Sunday, April 02, 2006

"That bird doesn't have a family"

We decided to take Maia to the opening of Ice Age 2 on Saturday night and to go eat a pizza at Costco on the way. Can't beat the price for pizza at Costco.

It was the first movie Maia had ever seen, and she loved it. On the way there, she kept saying, "It's going to be exciting, yeah?" She loved the funny looking squirrel on his endless quest for acorns, invariably wildly unsuccessful, and she laughed her big chesty laugh whenever he got himself into trouble.

At Costco, she had said something that stuck with me.

We were eating pizza at the picnic tables set up by Costco on a cement lanai. There were little groupings of people everywhere, but there was also a bird, a dove, wandering around on the cement floor by itself.

Maia said, "That bird doesn't have a family."

Kristina said, "Maybe its family is at home," but Maia said, "This isn't home, this is Costco." Kristina continued in that vein, but I don't think Maia ever gave up on the idea that that particular bird didn't have a family.

Today, I took Maia to the airport and to a park. The airport used to be a regular Saturday morning stop, but with Maia's hula class on Saturday mornings, we hadn't been for quite a while.





On the way to the Hertz lot at the end of the runway--which is where we position ourselves to watch the planes taking off and landing--I had noticed a park. We had never been to that park, but I thought we might try it today to see if there was a place for Maia to ride her bike, which I had put in the trunk of the car.



The park turned out to be a large one, and evidently a favorite spot for Samoan families. There were a couple of dozen families barbecuing and sitting around talking under portable awnings--aluminum tube frames with canvas stretched over the top of the frames, sort of like tents with no sides. Some young men were playing softball. There were a lot of kids, too, on the climbing structure.

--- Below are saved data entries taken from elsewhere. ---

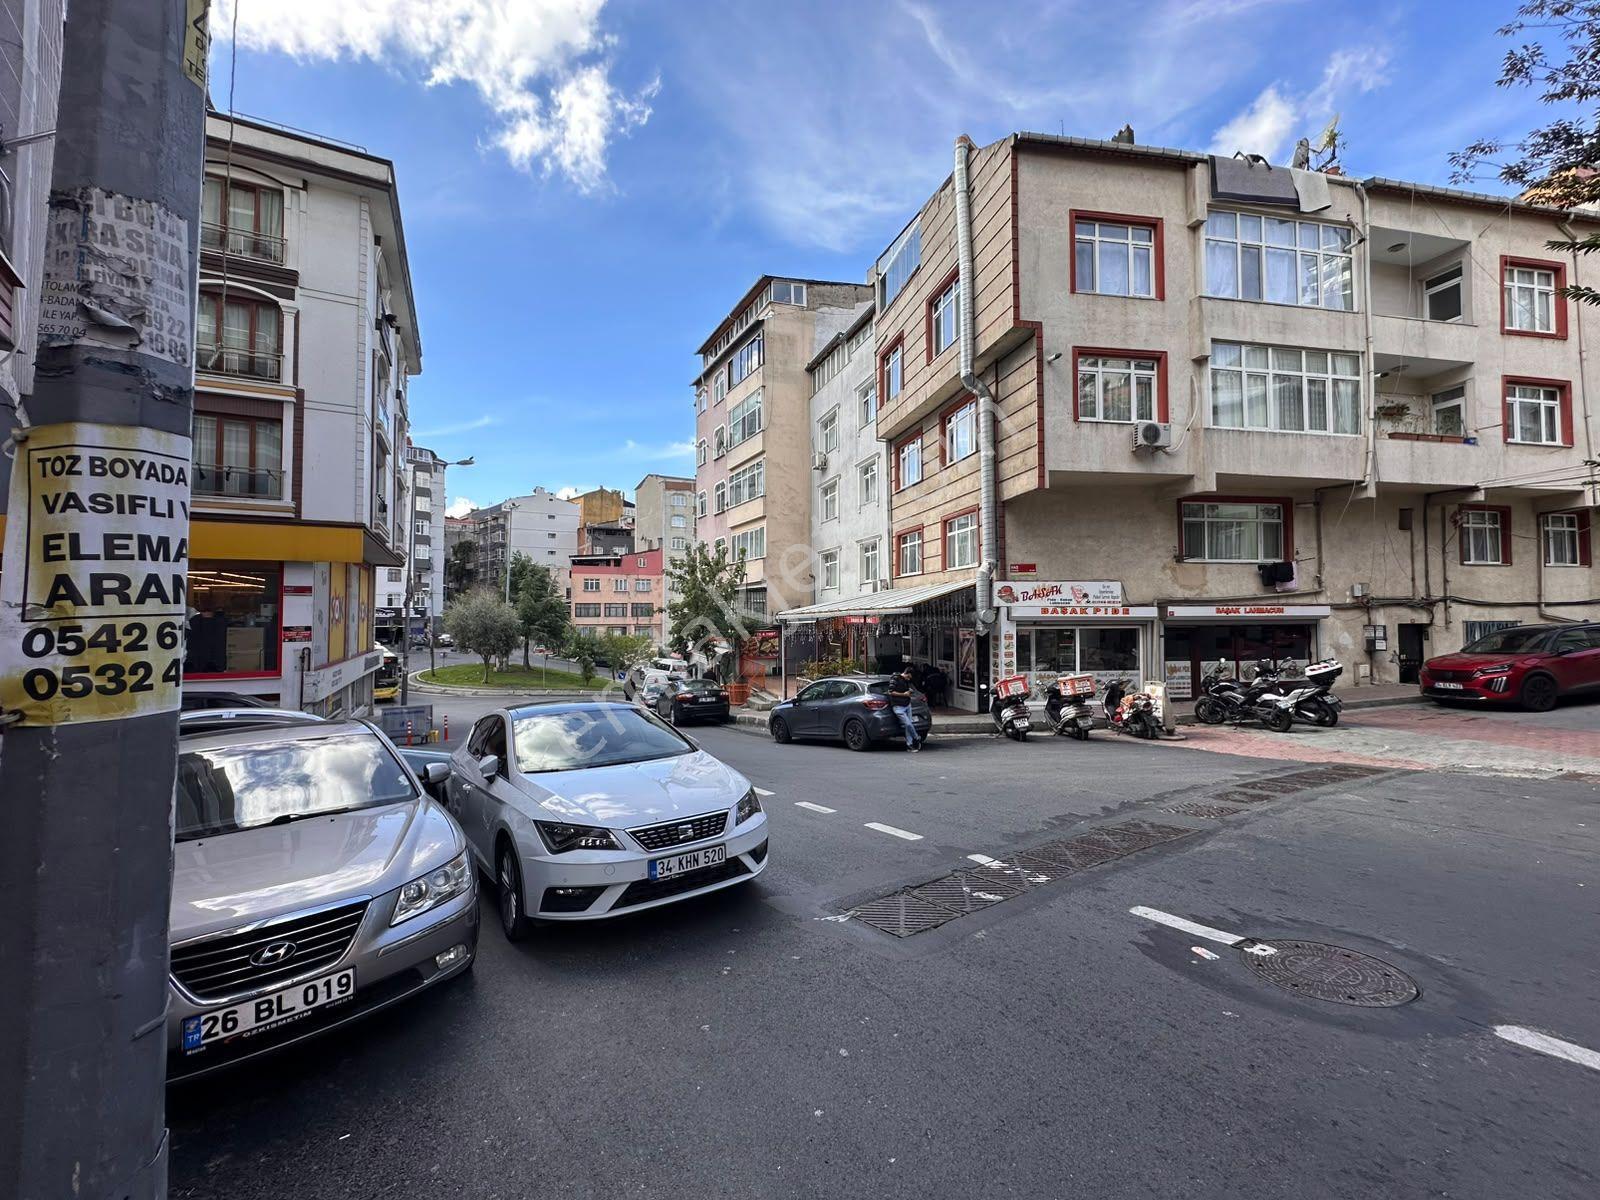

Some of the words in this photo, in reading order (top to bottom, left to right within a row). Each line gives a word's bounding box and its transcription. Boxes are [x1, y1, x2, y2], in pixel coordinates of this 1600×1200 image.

[58, 325, 70, 335] 70
[72, 326, 88, 337] 04
[37, 455, 82, 482] TOZ
[89, 457, 188, 487] BOYADA
[42, 492, 174, 519] VASIFLI
[43, 533, 188, 563] ELEMA
[21, 622, 148, 658] 0542
[22, 662, 154, 701] 0532
[657, 859, 673, 876] 34
[678, 853, 699, 871] KHN
[704, 847, 724, 864] 520
[201, 1009, 239, 1041] 26
[254, 995, 296, 1024] BL
[303, 973, 352, 1007] 019
[187, 1033, 200, 1043] TR

The sight of all of the families reminded me of what Maia had said the day before about the bird. And so on the way home later on, I asked her if she remembered the bird that didn't have a family.

"Yes," she said.

"Was that sad?"

"Yes," she said again.

"Why?" I asked.

She talked a lot nonstop, and I didn't make out everything she said. But the thing that she emphasized was, "The bird didn't have anybody to talk to."

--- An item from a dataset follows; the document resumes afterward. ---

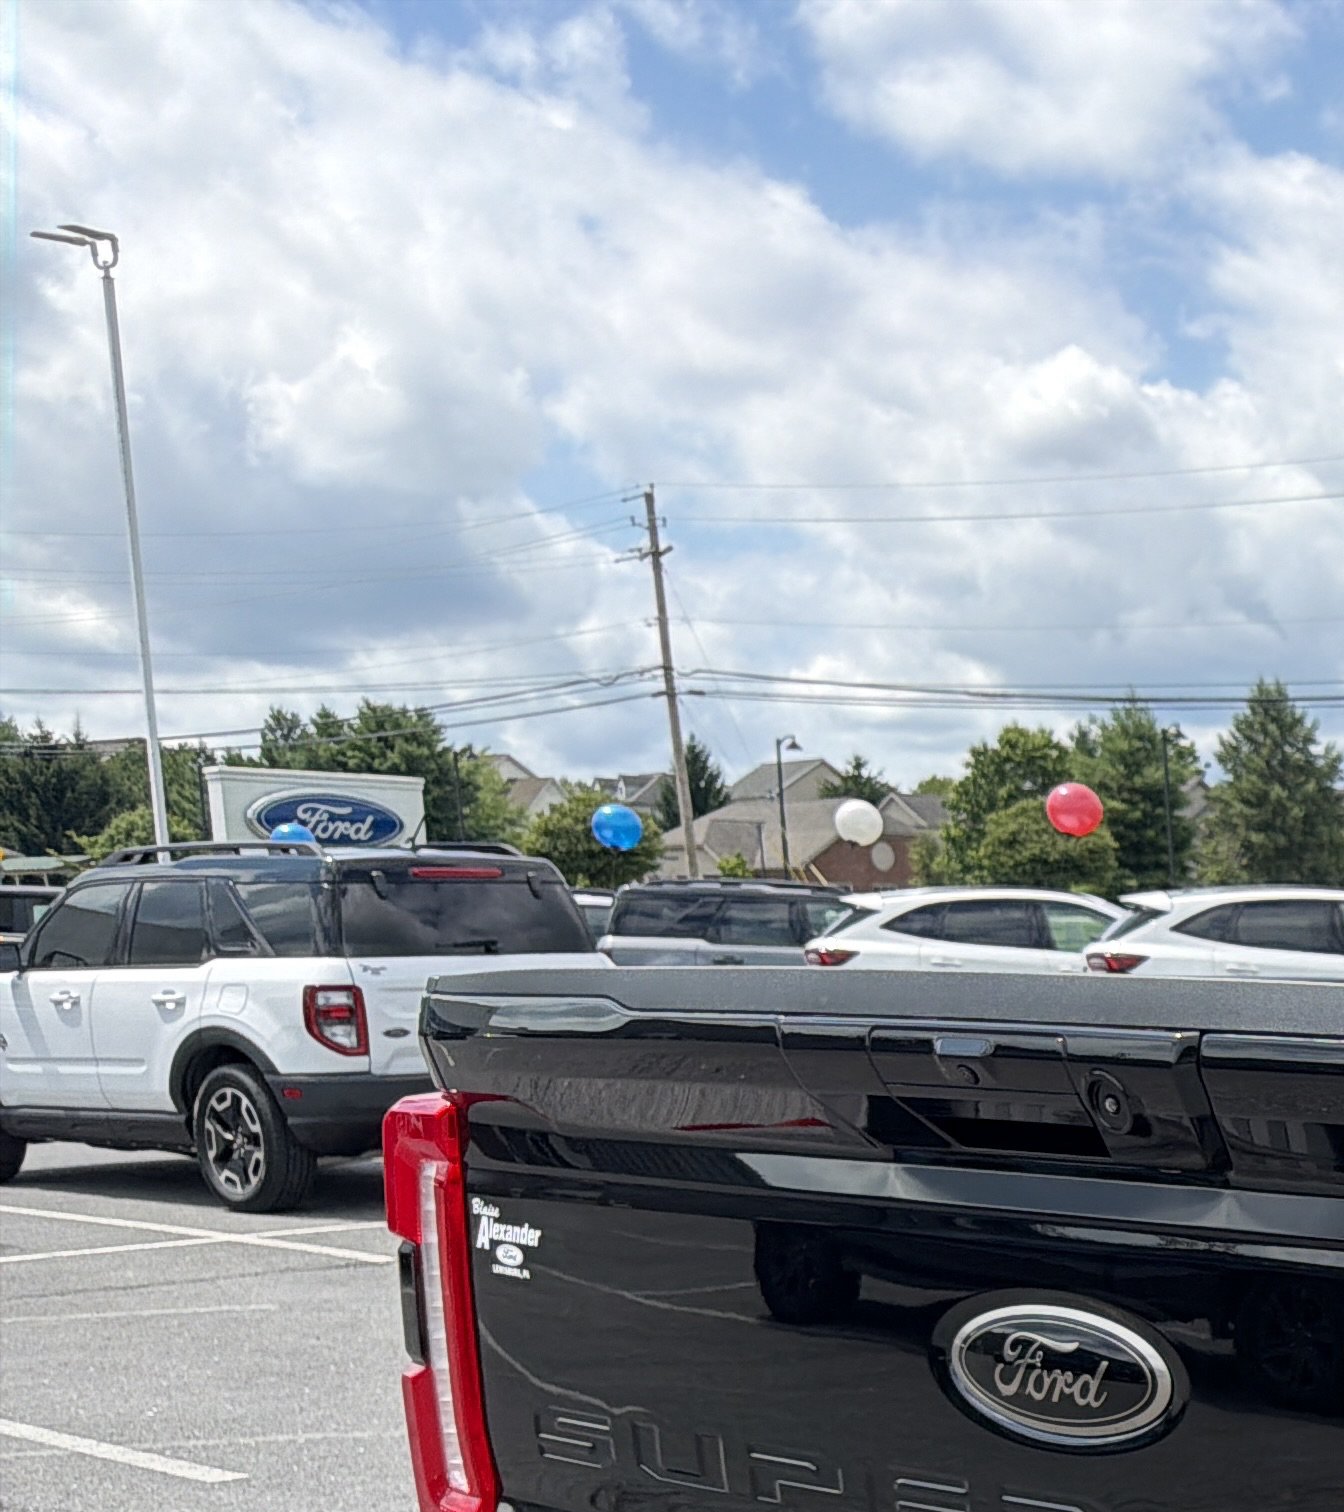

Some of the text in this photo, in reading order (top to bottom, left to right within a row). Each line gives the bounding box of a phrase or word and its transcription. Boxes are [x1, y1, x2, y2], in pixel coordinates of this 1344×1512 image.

[295, 802, 373, 841] Ford
[476, 1215, 542, 1250] Alexander
[994, 1331, 1109, 1408] Ford

"Have you ever known a person who didn't have a family?" I asked.

She shook her head. "No," she said.

I wonder if she doesn't remember it, in some way.

Finding our way through this isn't going to be easy.

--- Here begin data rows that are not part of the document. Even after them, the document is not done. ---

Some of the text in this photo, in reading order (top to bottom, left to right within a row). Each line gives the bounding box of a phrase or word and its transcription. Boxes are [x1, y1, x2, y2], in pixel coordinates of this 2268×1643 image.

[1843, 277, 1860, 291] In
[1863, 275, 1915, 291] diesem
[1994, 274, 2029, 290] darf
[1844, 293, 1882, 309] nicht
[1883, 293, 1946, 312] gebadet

John, Sunday, April 2, 2006

2 Comments:

Blogger Raghu said...

A child's interpretation of the world is often so deep that we ourselves would be bamboozled by it. The lovely Maia is a very observative, smart and sensitive child...

4/03/2006 02:51:00 AM  
Blogger John said...

She is all of those things. Sometimes the strength of her awareness is almost palpable--you get the feeling of a little mind, working away and gaining depth by the day.